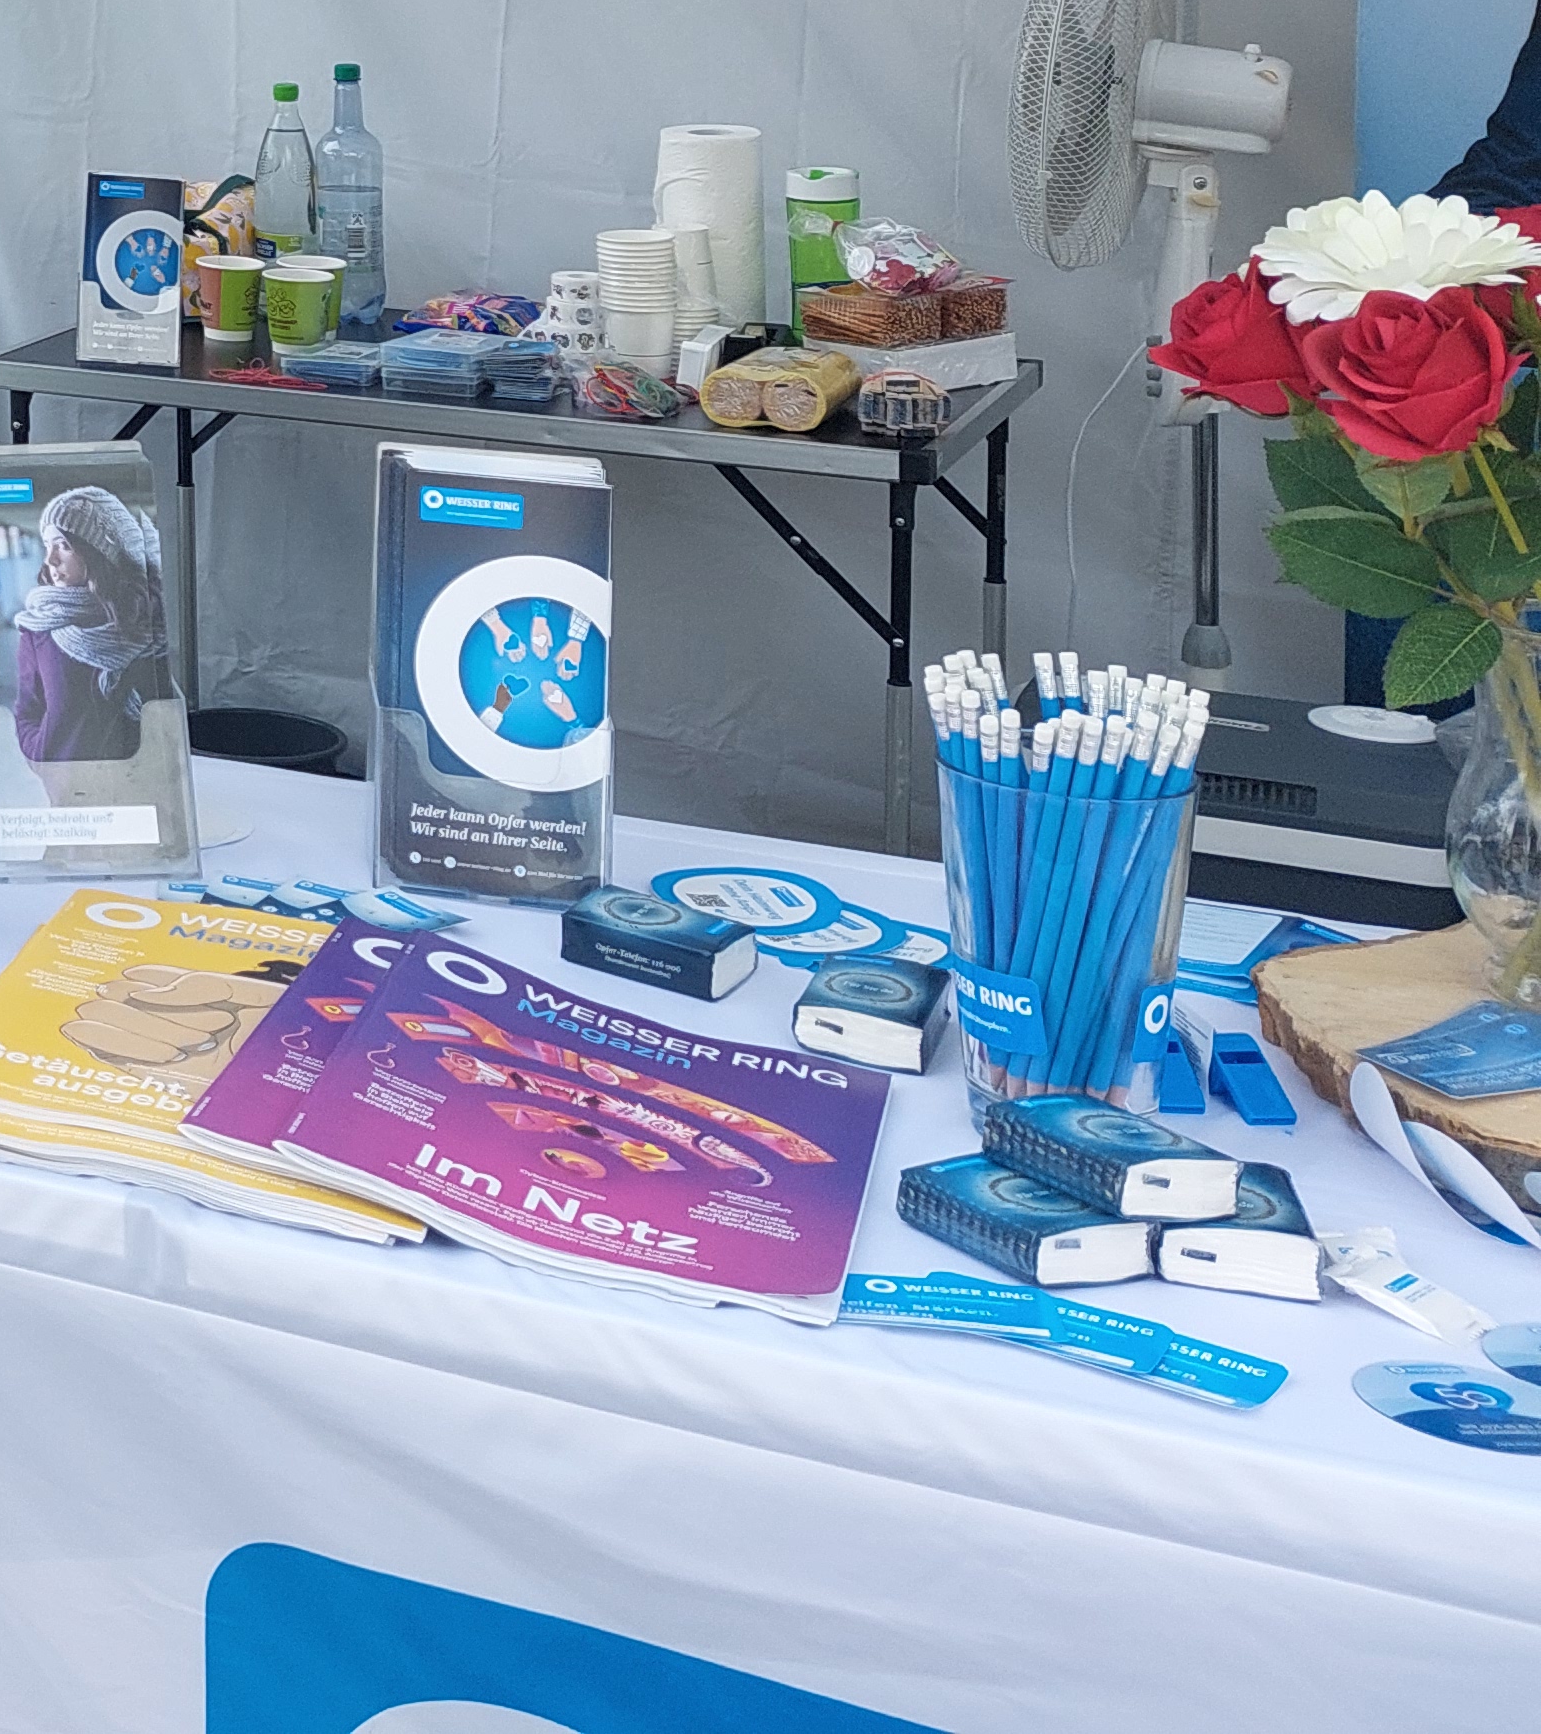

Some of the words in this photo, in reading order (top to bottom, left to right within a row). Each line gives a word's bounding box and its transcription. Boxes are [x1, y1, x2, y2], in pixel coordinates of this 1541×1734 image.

[446, 496, 492, 511] WEISSER
[493, 499, 520, 513] RING
[410, 803, 448, 820] Jeder
[449, 807, 485, 825] kann
[488, 812, 527, 830] Opfer
[529, 818, 588, 837] werden!
[409, 821, 436, 837] Wir
[438, 824, 469, 841] sind
[470, 832, 489, 844] an
[492, 832, 528, 848] Ihrer
[530, 836, 569, 853] Seite.
[979, 985, 1033, 1017] RING
[516, 996, 692, 1070] Magazin
[523, 982, 722, 1063] WEISSER
[732, 1052, 849, 1089] RING
[413, 1143, 504, 1197] Im
[522, 1184, 700, 1256] Netz
[902, 1283, 985, 1299] WEISSER
[988, 1291, 1035, 1302] RING
[1105, 1316, 1155, 1338] RING
[1218, 1356, 1268, 1380] RING
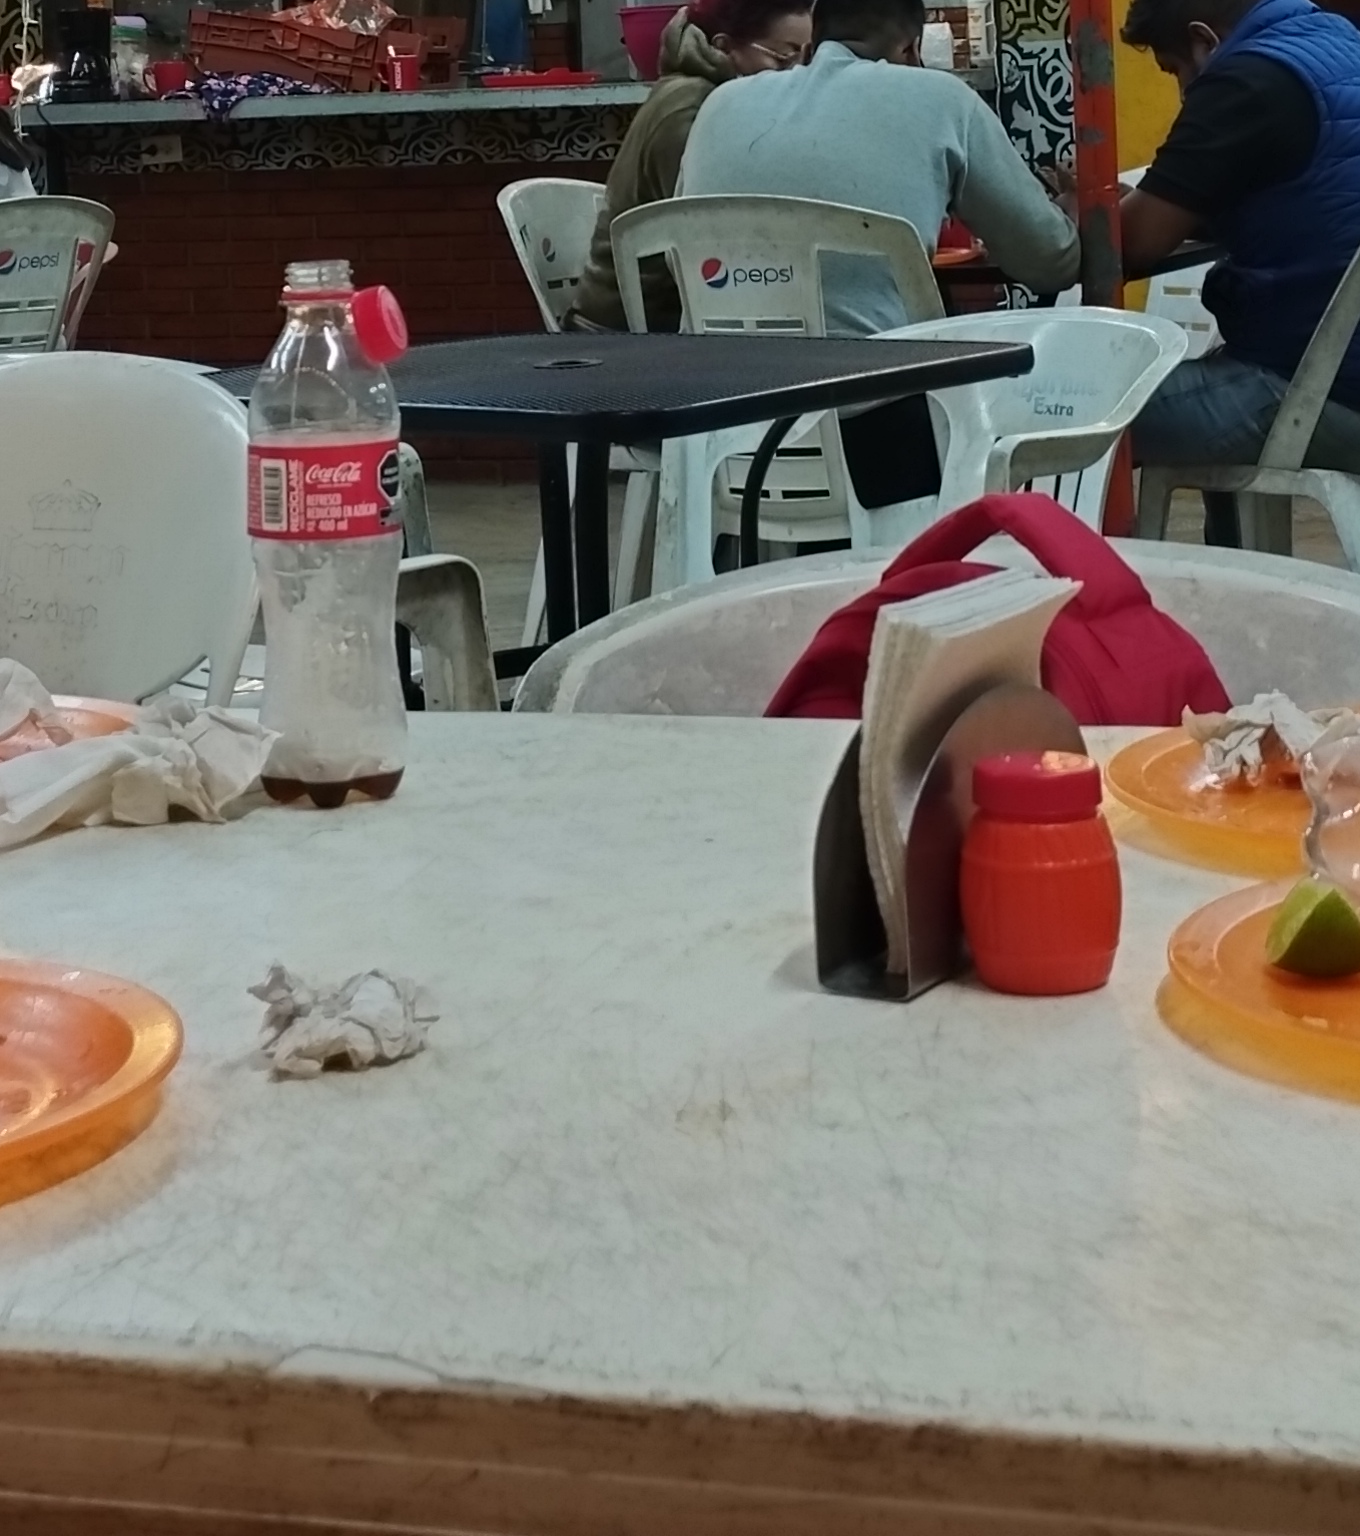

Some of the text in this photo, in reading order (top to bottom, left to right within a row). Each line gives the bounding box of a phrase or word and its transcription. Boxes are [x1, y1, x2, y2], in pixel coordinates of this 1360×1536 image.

[18, 251, 60, 272] pepsi
[733, 265, 794, 287] pepsi
[1033, 396, 1074, 416] Extra
======
**The task:** Transcribe the whole listing exactly. Pictures stay out of your copy.

**Exercise result:**
Some of the words in this photo, in reading order (top to bottom, left to right within a row). Each line gives a word's bounding box and its transcription. Boxes are [x1, y1, x2, y2], in pixel coordinates of this 1541×1734 image.

[446, 496, 492, 511] WEISSER
[493, 499, 520, 513] RING
[410, 803, 448, 820] Jeder
[449, 807, 485, 825] kann
[488, 812, 527, 830] Opfer
[529, 818, 588, 837] werden!
[409, 821, 436, 837] Wir
[438, 824, 469, 841] sind
[470, 832, 489, 844] an
[492, 832, 528, 848] Ihrer
[530, 836, 569, 853] Seite.
[979, 985, 1033, 1017] RING
[516, 996, 692, 1070] Magazin
[523, 982, 722, 1063] WEISSER
[732, 1052, 849, 1089] RING
[413, 1143, 504, 1197] Im
[522, 1184, 700, 1256] Netz
[902, 1283, 985, 1299] WEISSER
[988, 1291, 1035, 1302] RING
[1105, 1316, 1155, 1338] RING
[1218, 1356, 1268, 1380] RING

Some of the text in this photo, in reading order (top to bottom, left to right within a row). Each line gives the bounding box of a phrase or word and its transcription. Boxes are [x1, y1, x2, y2], in pixel coordinates of this 1360×1536 image.

[18, 251, 60, 272] pepsi
[733, 265, 794, 287] pepsi
[1033, 396, 1074, 416] Extra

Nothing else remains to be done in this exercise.